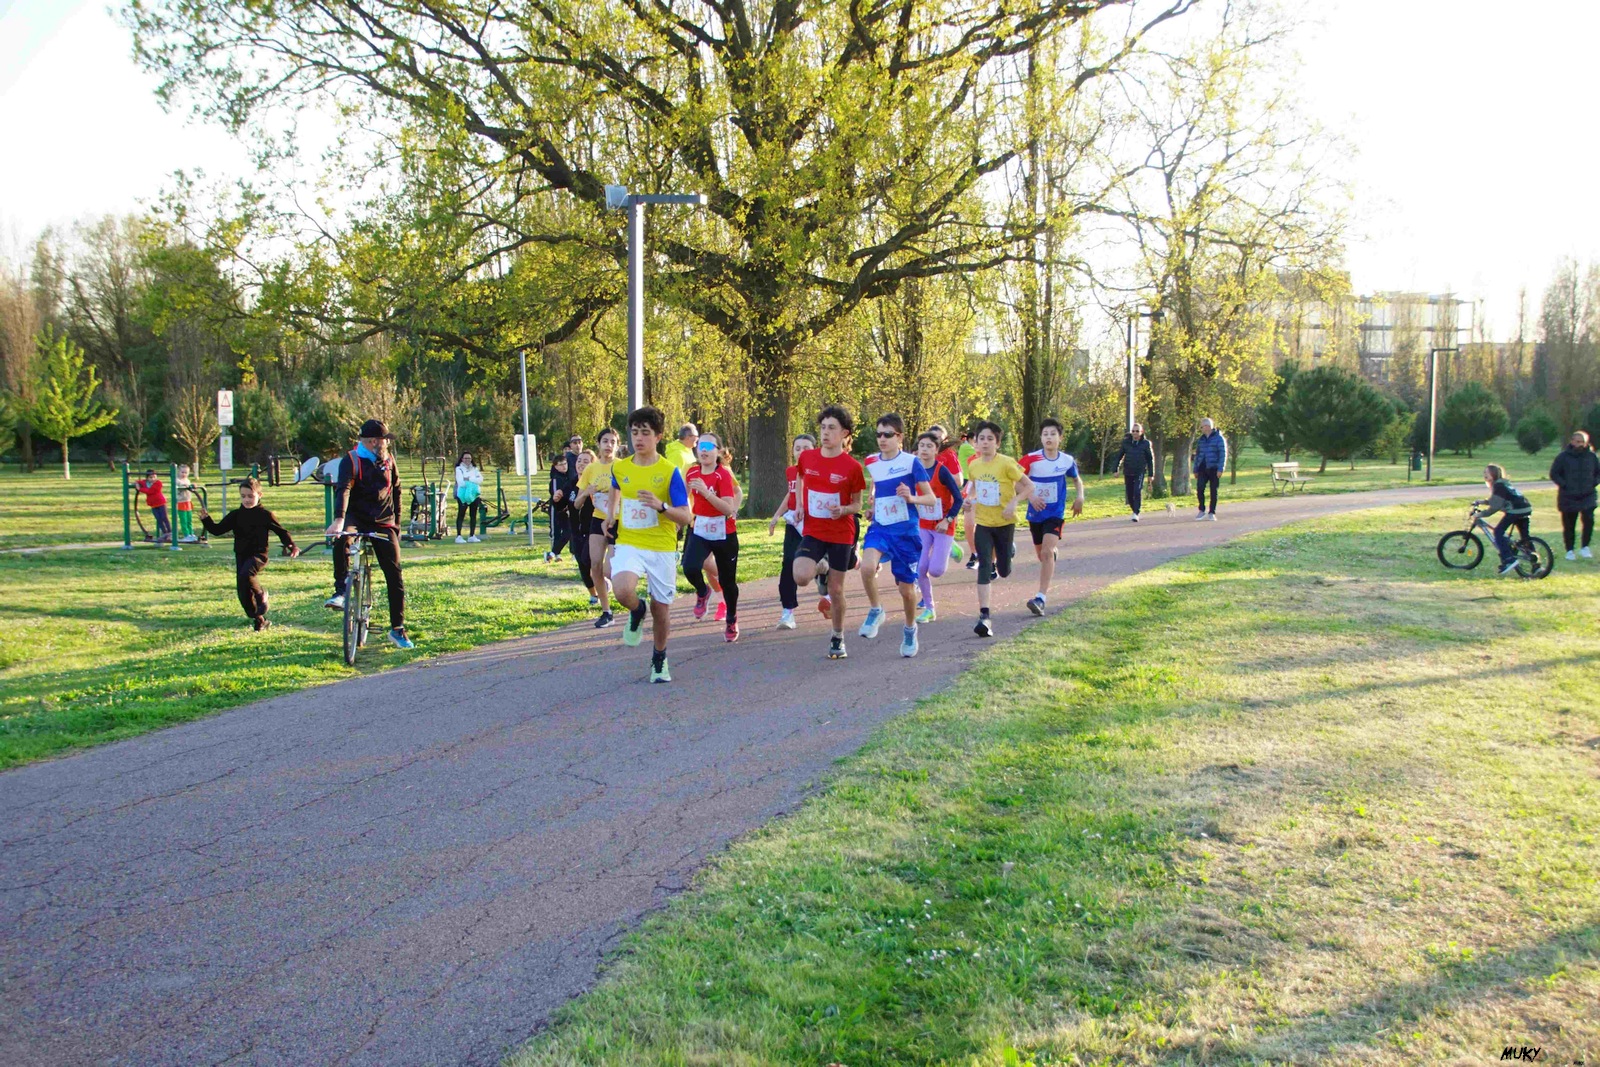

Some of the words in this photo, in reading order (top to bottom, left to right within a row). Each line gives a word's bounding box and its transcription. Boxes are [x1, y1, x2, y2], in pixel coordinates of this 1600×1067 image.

[982, 488, 988, 498] 2
[1038, 488, 1050, 498] 23
[631, 508, 647, 519] 26
[883, 504, 897, 516] 14
[704, 523, 717, 533] 15
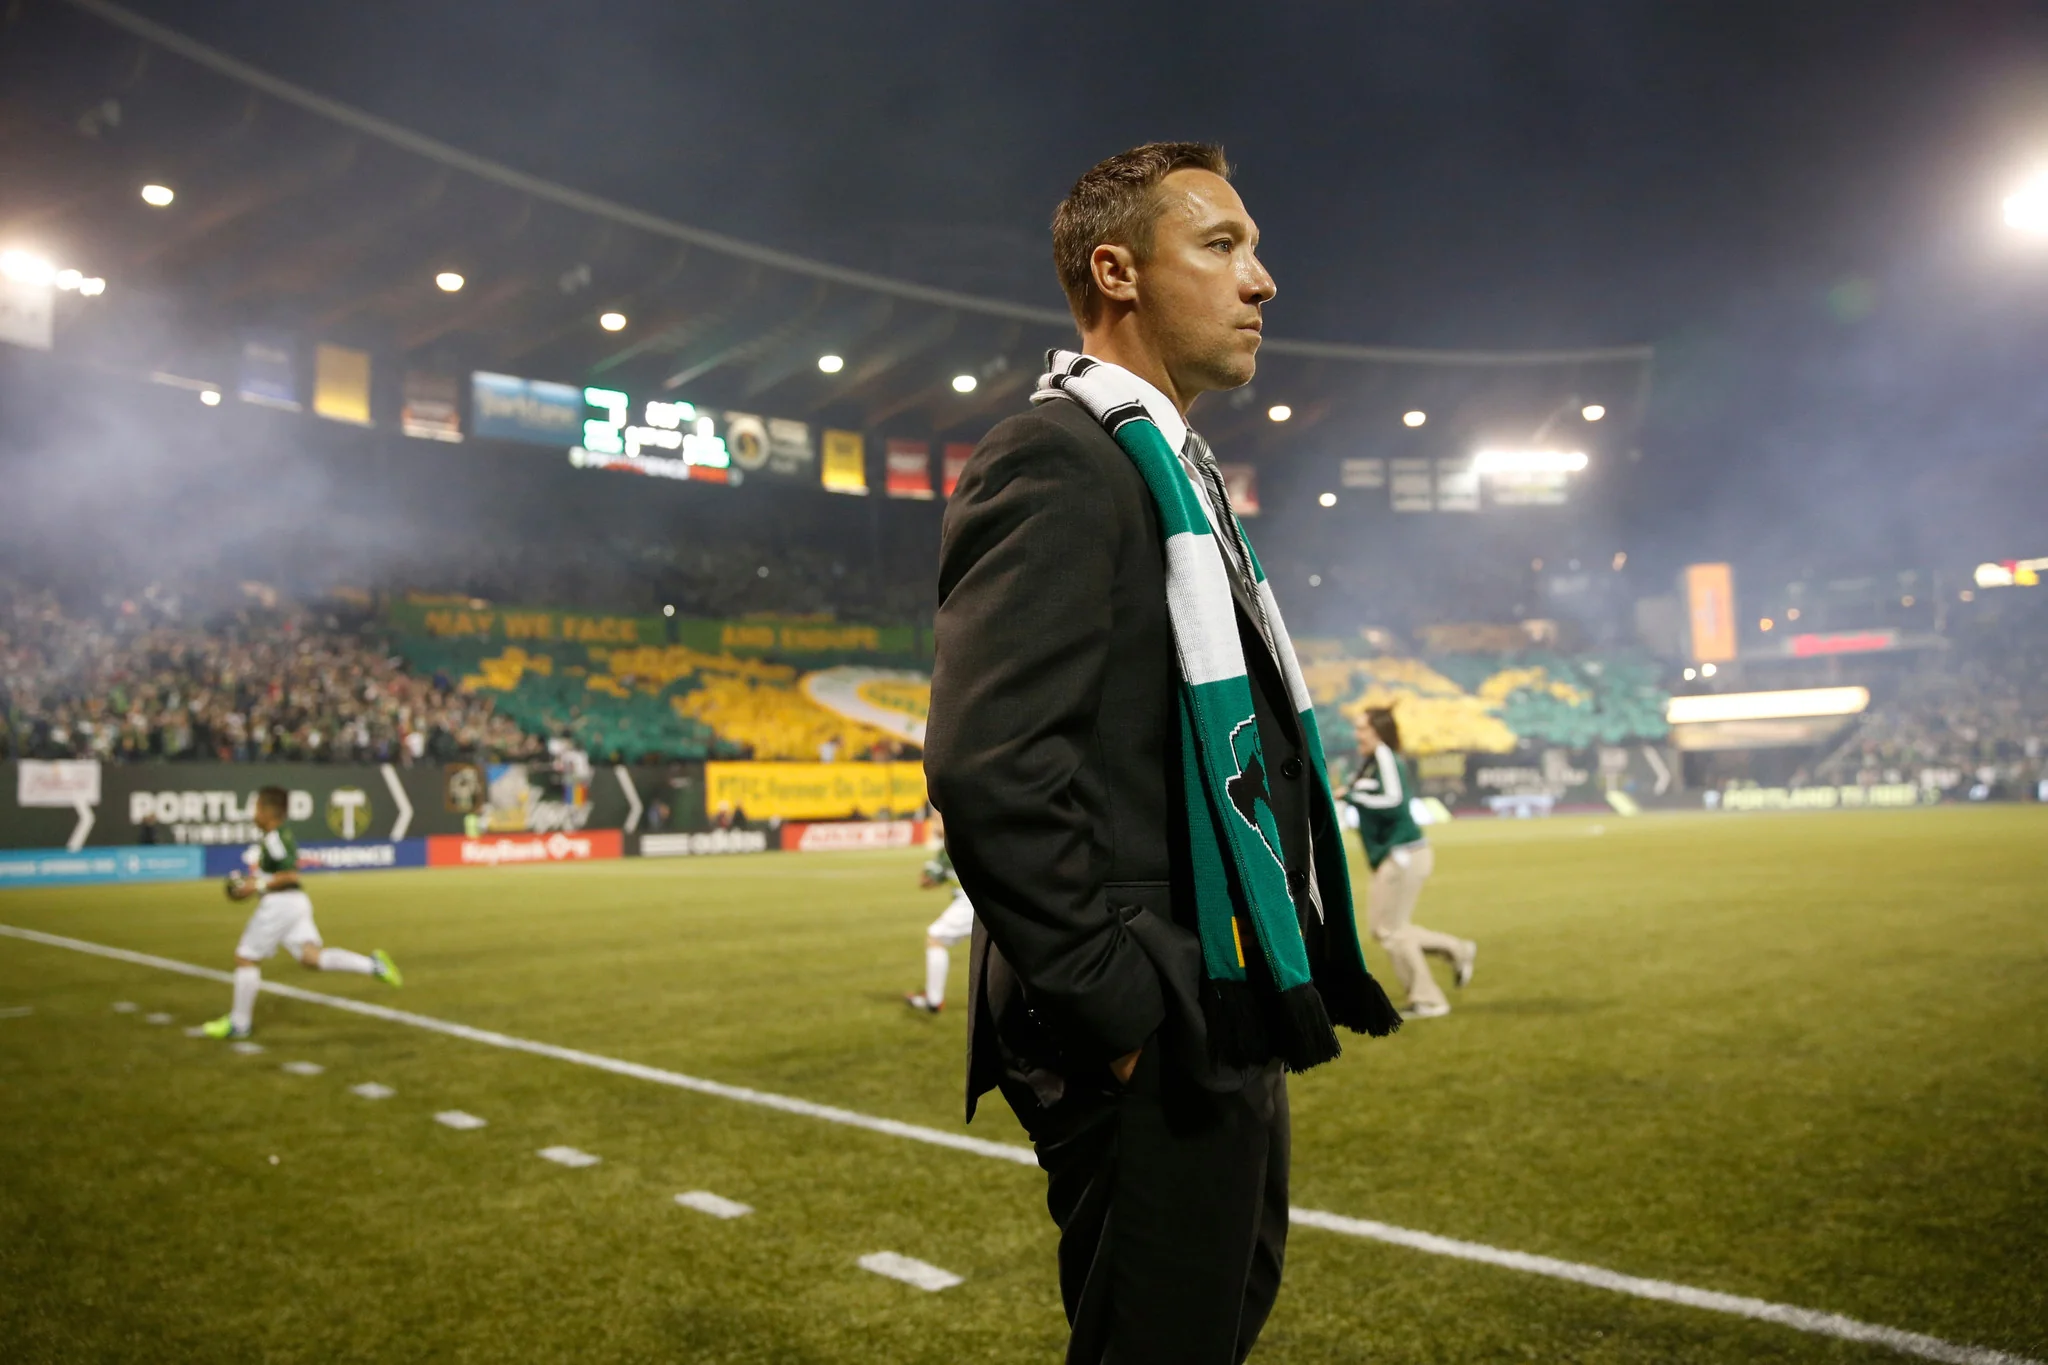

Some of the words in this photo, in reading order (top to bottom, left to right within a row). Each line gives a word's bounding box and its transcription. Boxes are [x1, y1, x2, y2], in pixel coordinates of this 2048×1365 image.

[129, 790, 314, 824] PORTLAD
[171, 823, 264, 844] TIMBER
[691, 829, 766, 854] adidas
[460, 840, 548, 865] KeyBank

# # #

Work item |
Retype the records above line for line and exactly, omitting their pictures.

Output |
Some of the words in this photo, in reading order (top to bottom, left to right within a row). Each line gives a word's bounding box and its transcription. Boxes are [x1, y1, x2, y2], in pixel coordinates of this 1600×1067 image.

[982, 488, 988, 498] 2
[1038, 488, 1050, 498] 23
[631, 508, 647, 519] 26
[883, 504, 897, 516] 14
[704, 523, 717, 533] 15

Some of the words in this photo, in reading order (top to bottom, left to right within a row). Each line gives a word's bounding box and its transcription. Boxes are [x1, y1, x2, y2], in pixel coordinates of this 2048×1365 image.

[129, 790, 314, 824] PORTLAD
[171, 823, 264, 844] TIMBER
[691, 829, 766, 854] adidas
[460, 840, 548, 865] KeyBank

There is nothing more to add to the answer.